╭─ DATASET EXCERPTS

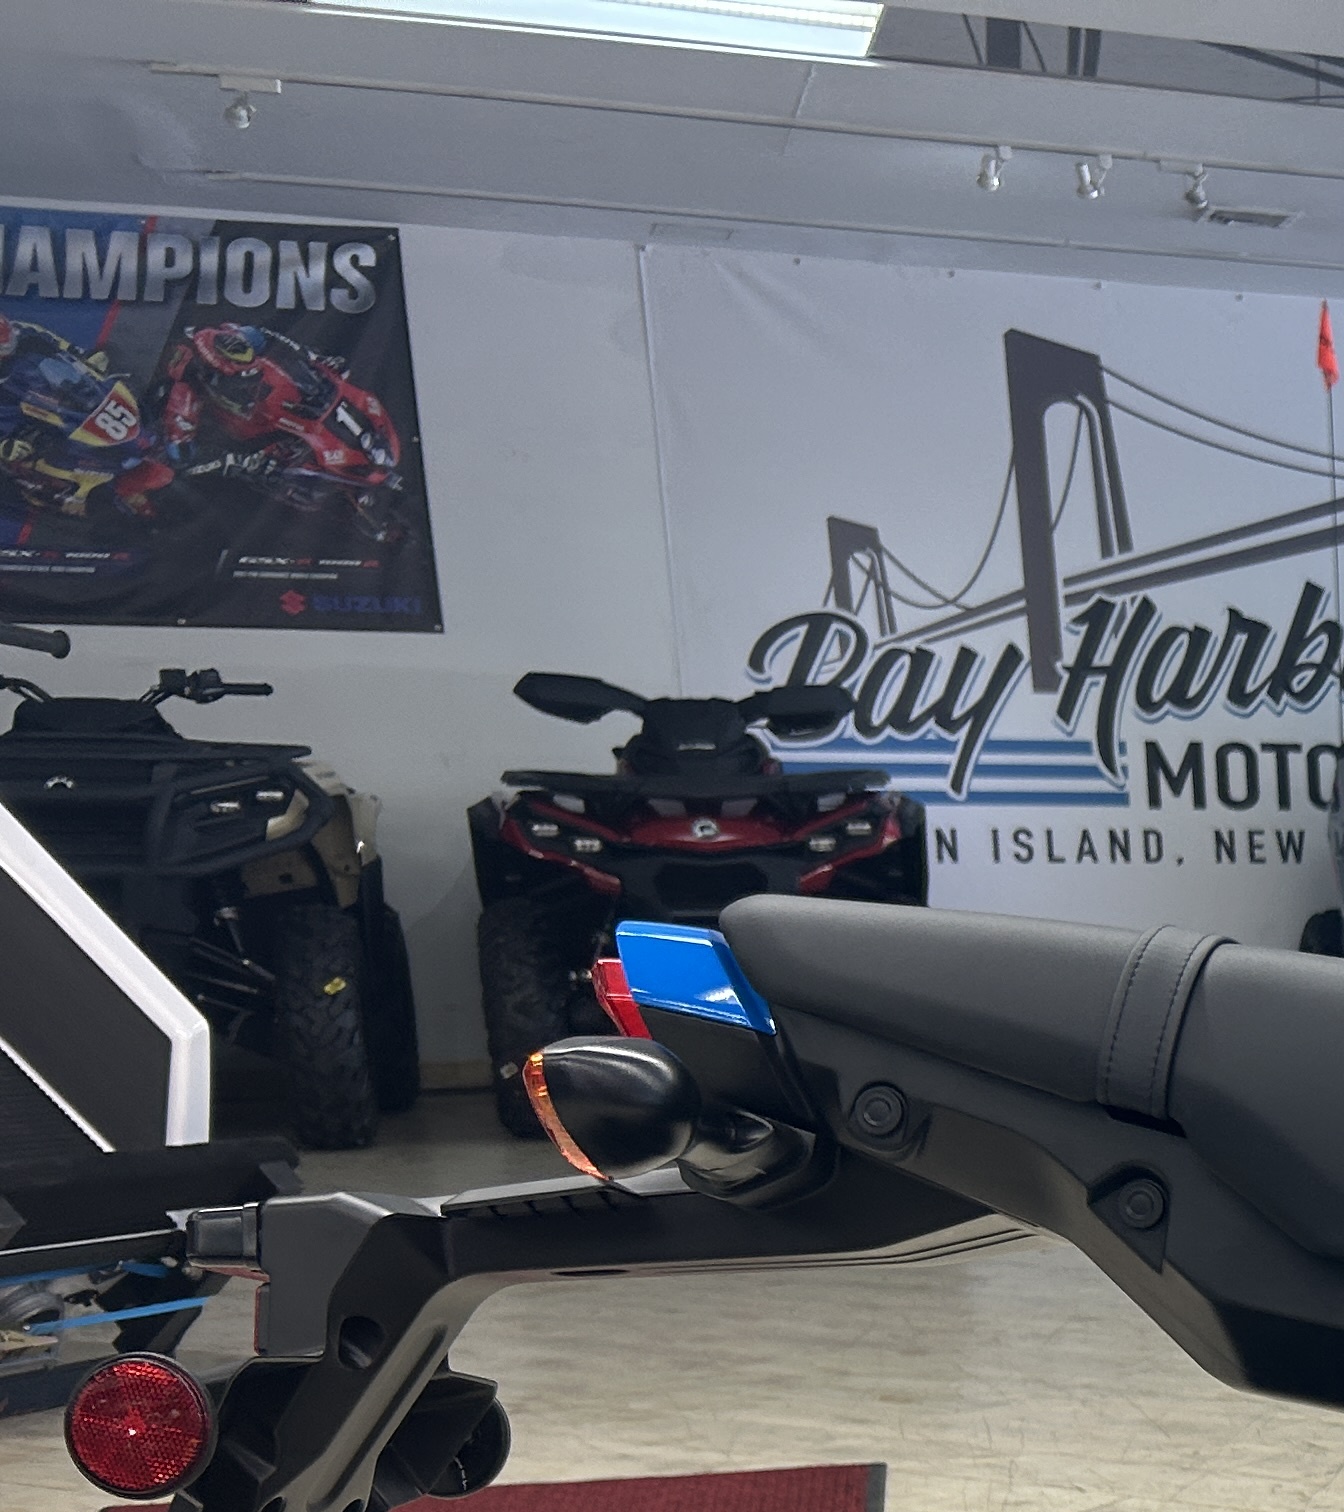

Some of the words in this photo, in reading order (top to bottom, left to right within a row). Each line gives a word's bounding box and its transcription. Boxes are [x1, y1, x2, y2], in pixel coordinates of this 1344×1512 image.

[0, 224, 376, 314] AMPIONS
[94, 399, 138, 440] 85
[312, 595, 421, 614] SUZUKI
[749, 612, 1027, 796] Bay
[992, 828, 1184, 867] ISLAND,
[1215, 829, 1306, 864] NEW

╰─

[EXERCISE AIM]: Set down the records precisely as they appear. Any picture stays out.

[REPLY TO THE TASK]:
Some of the words in this photo, in reading order (top to bottom, left to right within a row). Each line gives a word's bounding box and its transcription. Boxes are [x1, y1, x2, y2], in pixel coordinates of this 1344×1512 image.

[0, 224, 376, 314] AMPIONS
[94, 399, 138, 440] 85
[312, 595, 421, 614] SUZUKI
[749, 612, 1027, 796] Bay
[992, 828, 1184, 867] ISLAND,
[1215, 829, 1306, 864] NEW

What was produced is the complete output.